UM LUGAR “SEM LUGAR”…
“O mundo que é o nosso não lhes reserva qualquer lugar, mas eles ocupam provisoriamente o coração dos nossos bairros”. Encontrar-se perante essas pessoas “sem-lugar” significa tomar contacto direto com realidades inesperadas, de efeitos secundários indesejáveis. Um lugar que era conhecido, torna-se inesperadamente desconhecido, e daí a tentação de fechar as fronteiras desse território antigo, para recuperar a situação anteriormente conhecida, ignorando que são as novas circunstâncias responsáveis pela situação agora vivida. Trata-se de procurar viver a ilusão de manter distante uma realidade que existe e que não podemos ignorar. Entretanto as desigualdades agravam-se. Na viragem para o atual século, o valor acrescentado gerado pelo crescimento económico reverteu basicamente para os mais ricos, enquanto a restante população viu a riqueza escapar-se-lhe – o que se agravou com a crise financeira de 2007-2008. Os números são esclarecedores e preocupantes: a metade da população mundial com menos rendimentos (3,5 mil milhões de pessoas) detém apenas 1% da riqueza mundial total, ou seja, exatamente o mesmo que é detido pelas 85 pessoas mais ricas do planeta… Z. Bauman fala-nos de dois tipos de injustiças sentidas pelas populações: as habituais, há muito consideradas e de algum modo aceites; e as novas, cuja proporção aumentou significativamente, as quais sendo porventura de injustiça inferior às outras, assumem um carácter mais chocante pela novidade, podendo dar lugar à revolta… De facto, na Idade Média não foram as injustiças mais chocantes, como o não pagamento de remuneração, que levaram à rebelião dos servos, mas o facto de os terra-tenentes terem exigido mais do que anteriormente. Assim, o momento presente, suscita preocupações e perplexidades que poderão gerar tensões sociais com consequências imprevisíveis.

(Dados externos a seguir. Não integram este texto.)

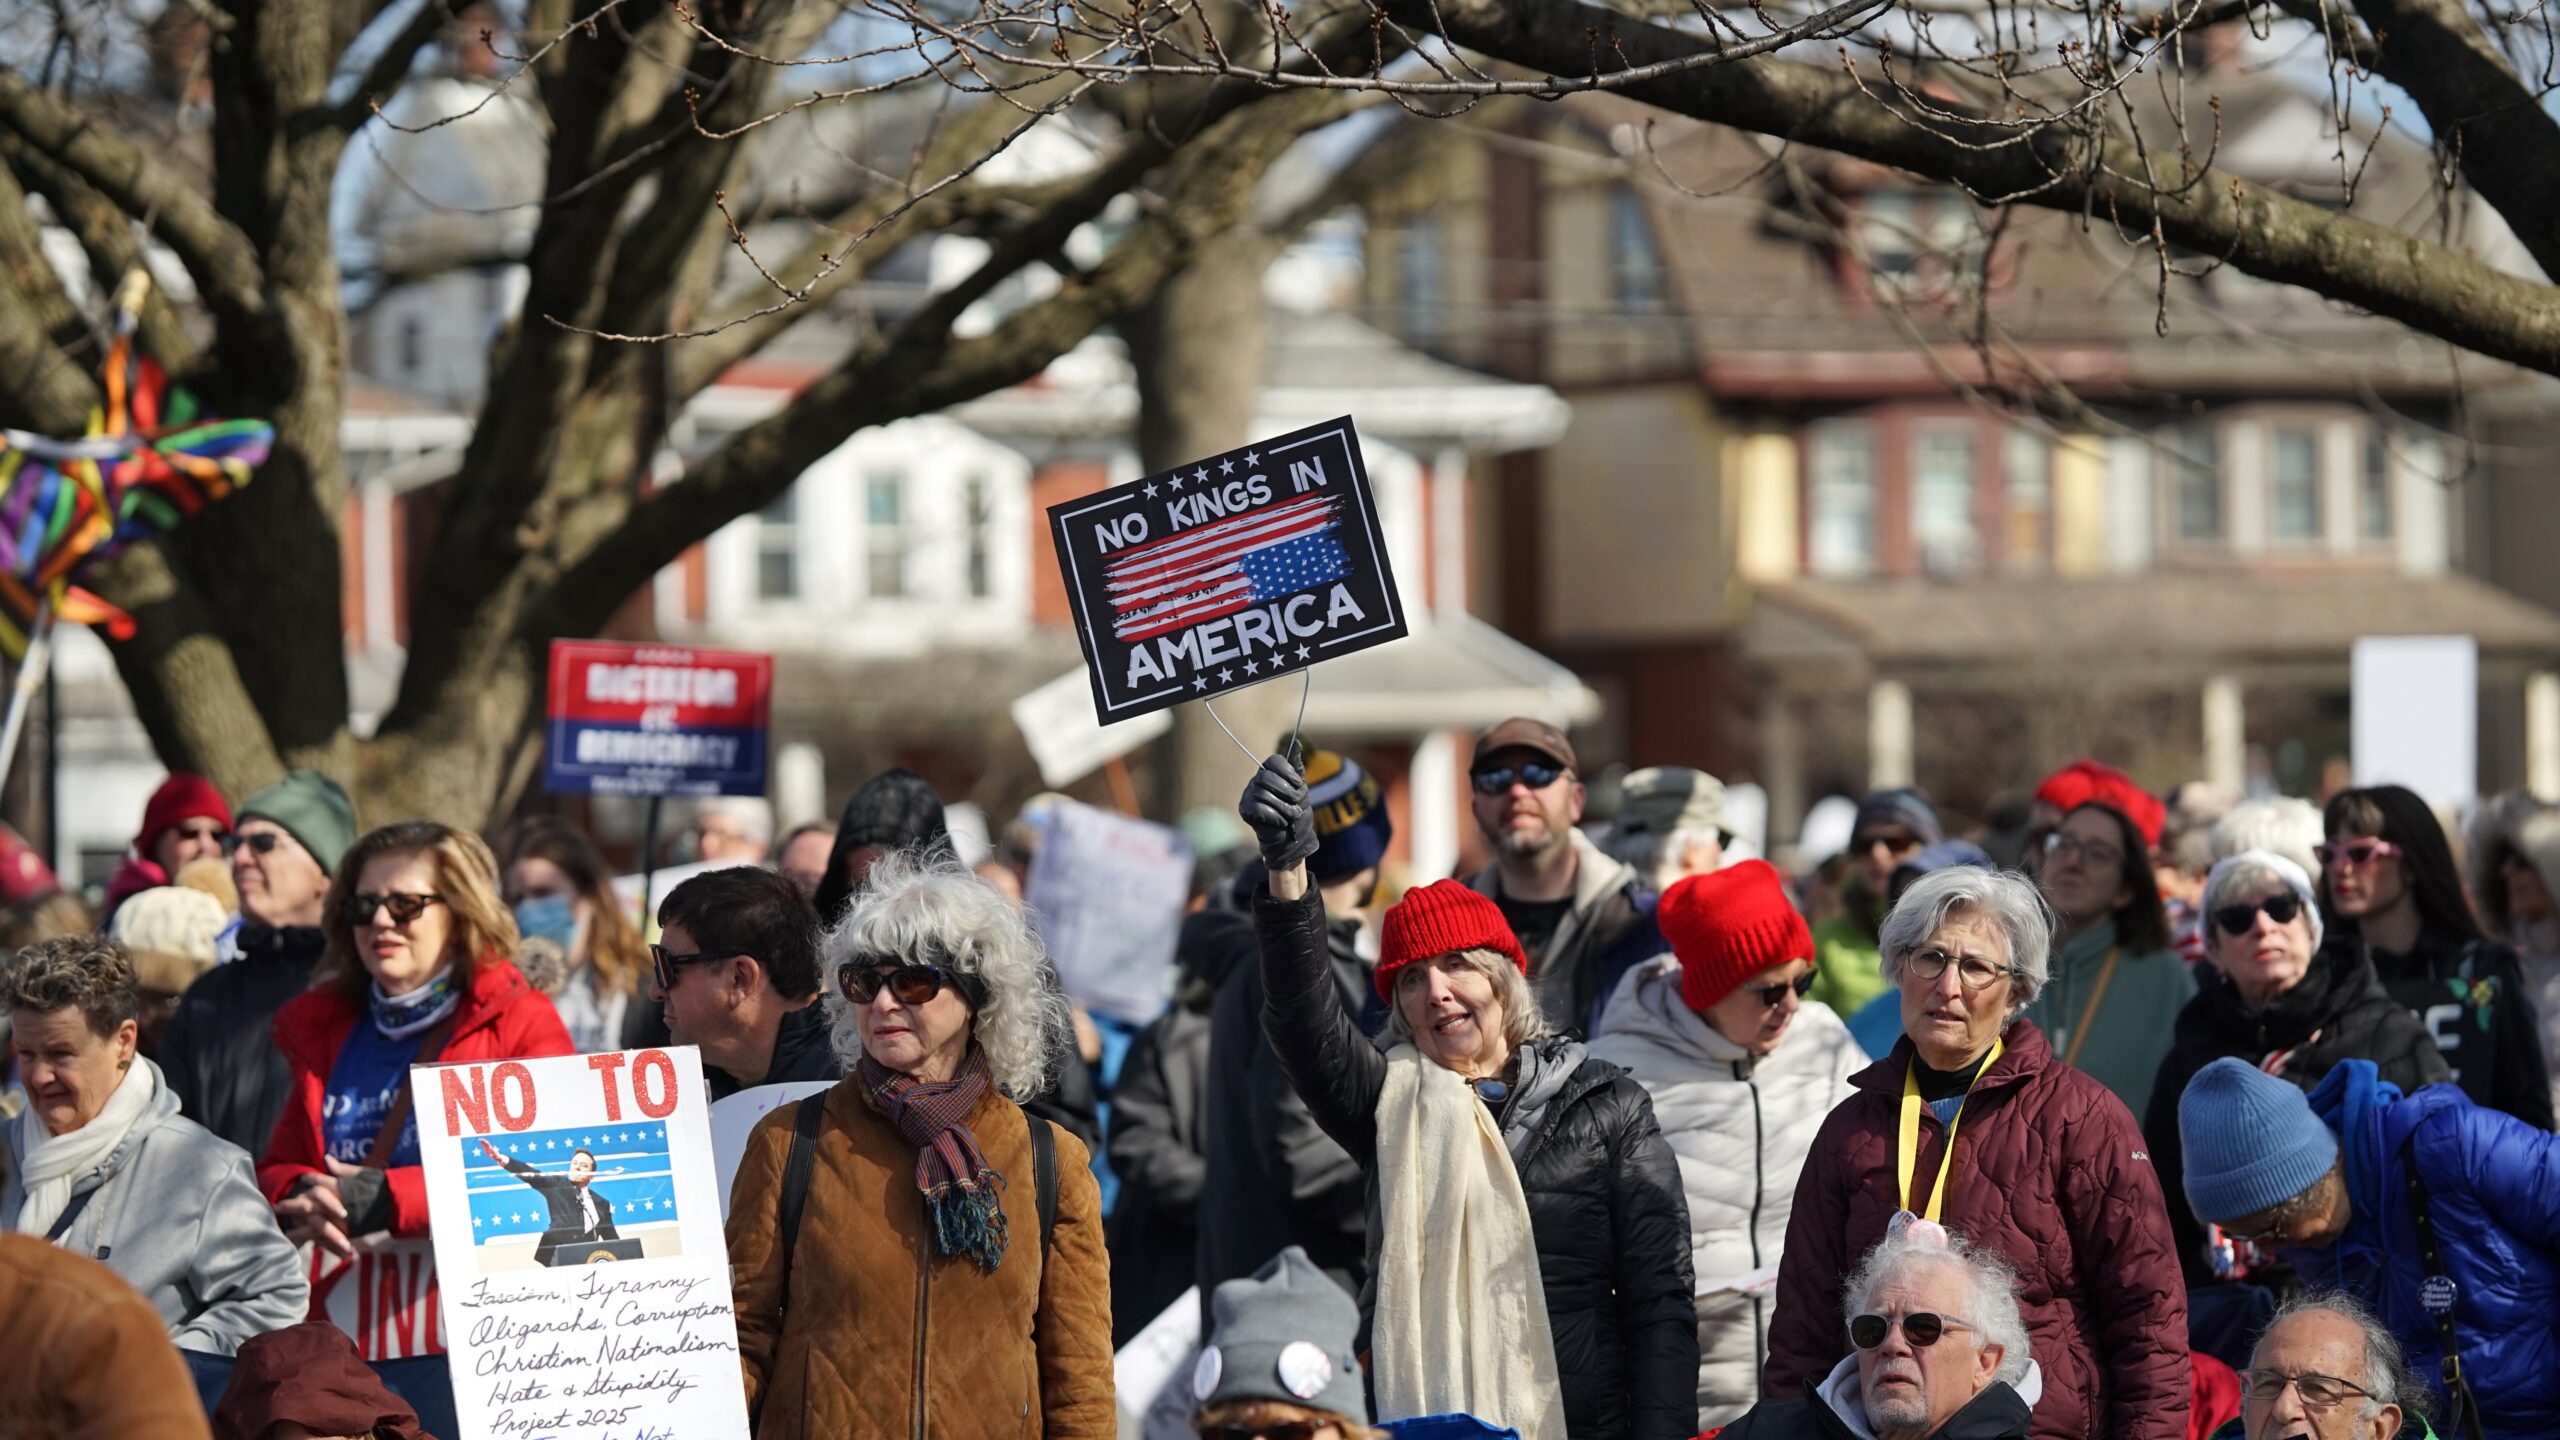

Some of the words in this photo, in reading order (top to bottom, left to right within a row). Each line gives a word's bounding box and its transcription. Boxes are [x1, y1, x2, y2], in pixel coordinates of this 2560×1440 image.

COMO ENCARAR A REALIDADE PRESENTE?
O autor de “Retrotopia” refere, assim, uma consciência cosmopolítica, que abre as portas à união e à cooperação. Em vez da procura de um inimigo ou da divisão entre “nós e eles”, o desafio do nosso tempo consiste em conceber, pela primeira vez na história da humanidade uma ideia que não se apoie na lógica da separação. Nós habitantes humanos da terra vivemos uma situação perfeitamente clara, na qual somos obrigados a optar entre duas alternativas – a cooperação à escala planetária ou as valas comuns… Como a sociedade líquida, a retrotopia não representa, porém, solução para o futuro. Olhem-se os problemas mais graves com que nos debatemos: a defesa do primado da lei; os fenómenos migratórios; a qualidade da democracia; a cultura da paz; o combate ao aquecimento global; a proteção do meio ambiente; o desenvolvimento sustentável; a cooperação contra a pobreza; a equidade intergeracional; a ciber-segurança; a evolução do mundo digital e a preservação da diversidade cultural – eis o que se impõe, em lugar de planos rígidos ou soluções baseadas na inércia, uma estratégia baseada, em instituições que favoreçam a representação, a participação e a mediação centradas numa cidadania livre, responsável e ativa. Trata-se, no fundo, de fortalecer os elos da sociedade, a coesão social e a regulação, a sustentabilidade e a justiça, superando a guerra anónima de todos contra todos, privilegiando o respeito mútuo, a confiança e a responsabilidade. Mais que “indivíduos competitivos” precisamos de cidadãos ativos, na sociedade, na escola, no trabalho, não autossuficientes, mas solidários e cooperativos, capazes de ligar o mérito e a justiça, a atenção e o cuidado, a experiência e o exemplo, a aprendizagem, o conhecimento e a sabedoria, a clareza e a complexidade. 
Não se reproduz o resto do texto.